Worse, after the late-arriving recovery team dug up the remains, Wu Jianguo couldn’t sleep day or night. He’d survived this long by trusting such instincts, dodging disaster again and again.
“Damn it. Maybe I’m just overworked. Why does this keep feeling off? ...Forget it. I’ll find time to ask that big shot for a protective boon.” He cursed, venting the pressure inside. He dragged a heavy breath of smoke into his lungs, savoring nicotine’s dizzy comfort.
He remembered the innocent-looking girl waiting in the inner room, and his lust surged hotter. He quickened his pace toward the end of the hall. When a man’s in a foul mood, venting it on a woman in bed is the best outlet. He couldn’t recall who said it, but he treated it like gospel.

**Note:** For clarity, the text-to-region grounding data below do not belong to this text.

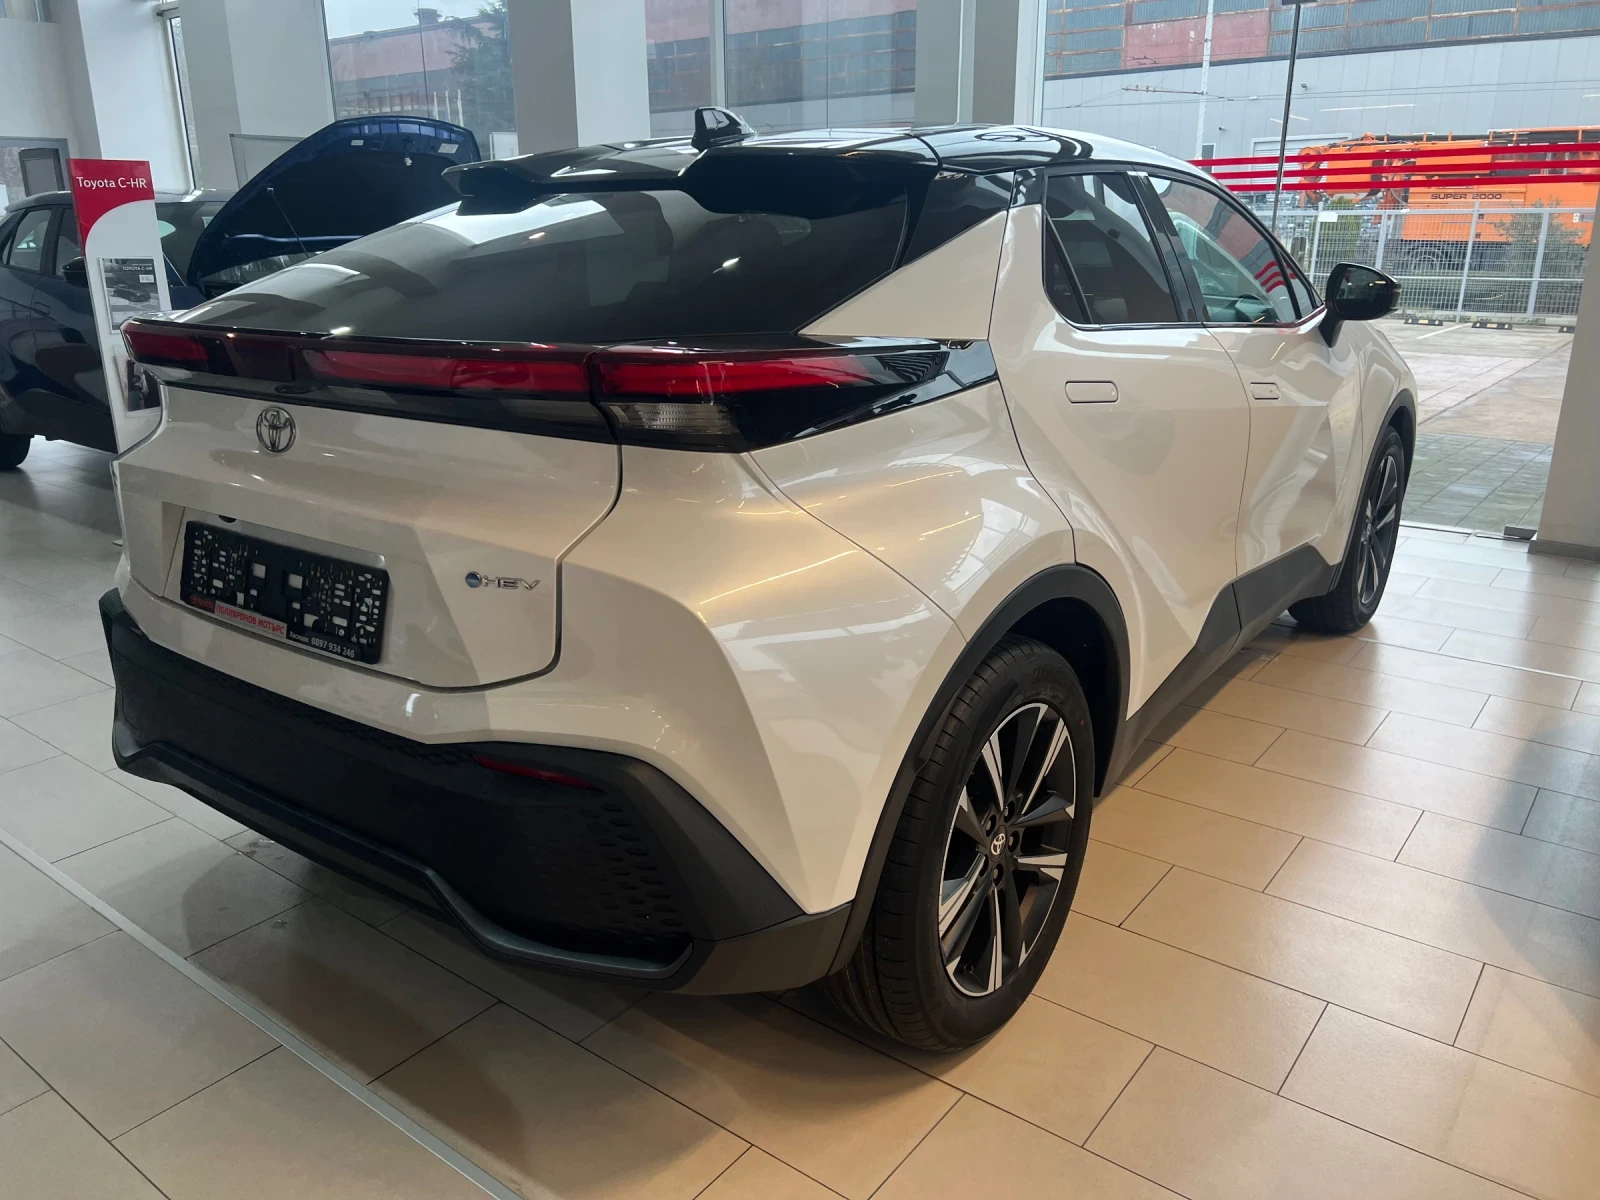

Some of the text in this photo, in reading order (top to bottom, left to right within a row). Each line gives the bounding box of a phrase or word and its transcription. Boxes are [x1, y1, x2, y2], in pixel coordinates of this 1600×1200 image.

[76, 176, 147, 190] Toyota C-HR
[482, 575, 541, 591] HEV
[216, 604, 285, 635] ПОЛИХРОНОВ МОТЪРС
[311, 637, 328, 649] 0897
[328, 642, 341, 654] 934
[342, 647, 355, 658] 246
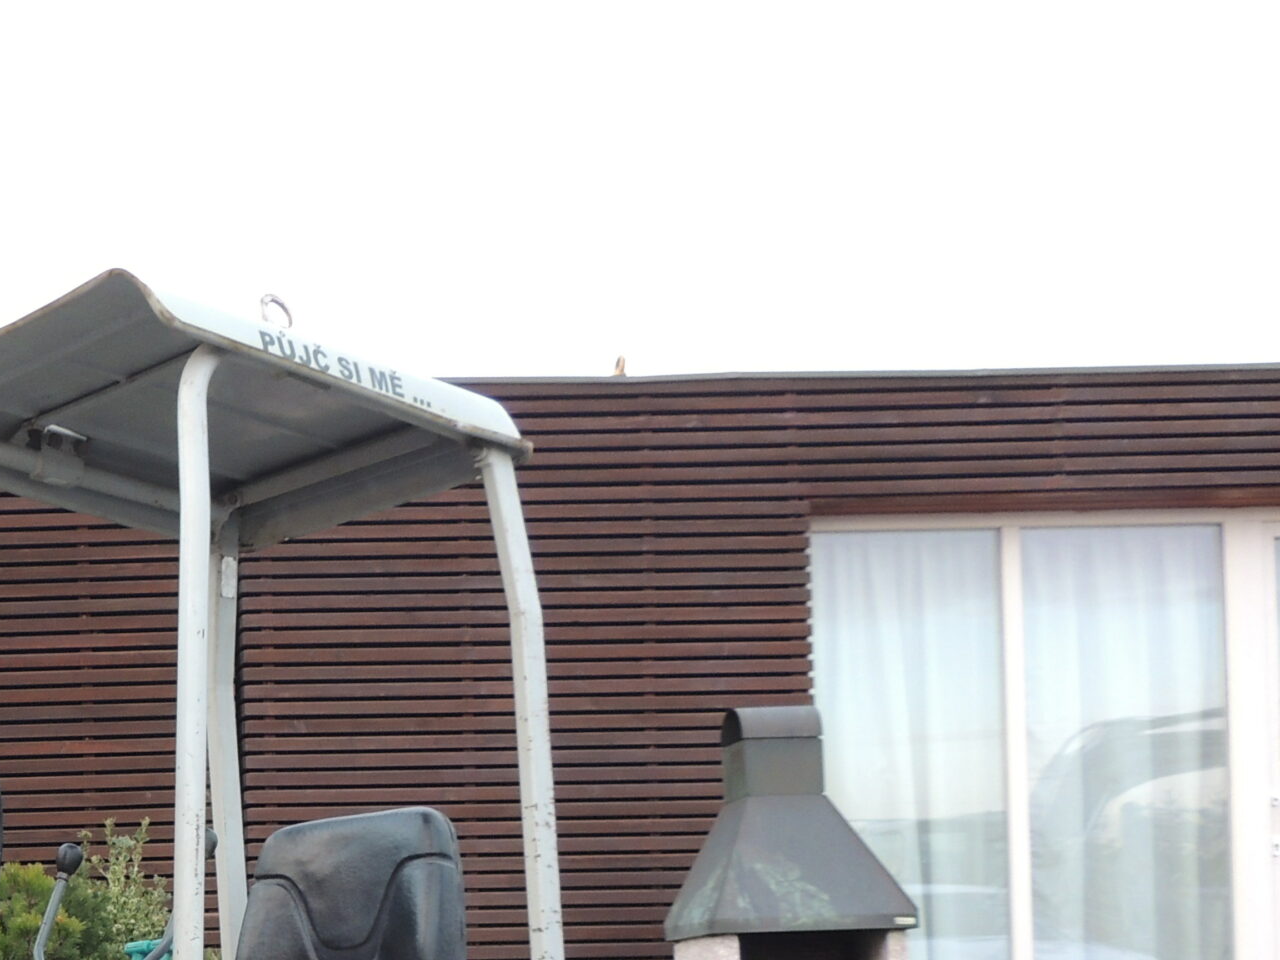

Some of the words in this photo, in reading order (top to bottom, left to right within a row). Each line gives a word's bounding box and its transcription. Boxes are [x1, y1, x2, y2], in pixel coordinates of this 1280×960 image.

[259, 330, 330, 372] PŮJČ
[337, 356, 362, 383] SI
[368, 366, 405, 399] MĚ

He reached his private room and pushed the door open. A trace of something eerie fell over him.
The first thing he saw—
was a mask smiling with a chill that crawled under the skin. A pale face painted with blood-red marks. High cheekbones circled in mocking red rings. Eyes that seemed to see everything, cold and scornful. A mouth curled into a crimson grin. Under that gaze alone, Wu Jianguo felt his body seize with terror, out of his control.
That slender figure rose slowly. The mask’s menace deepened.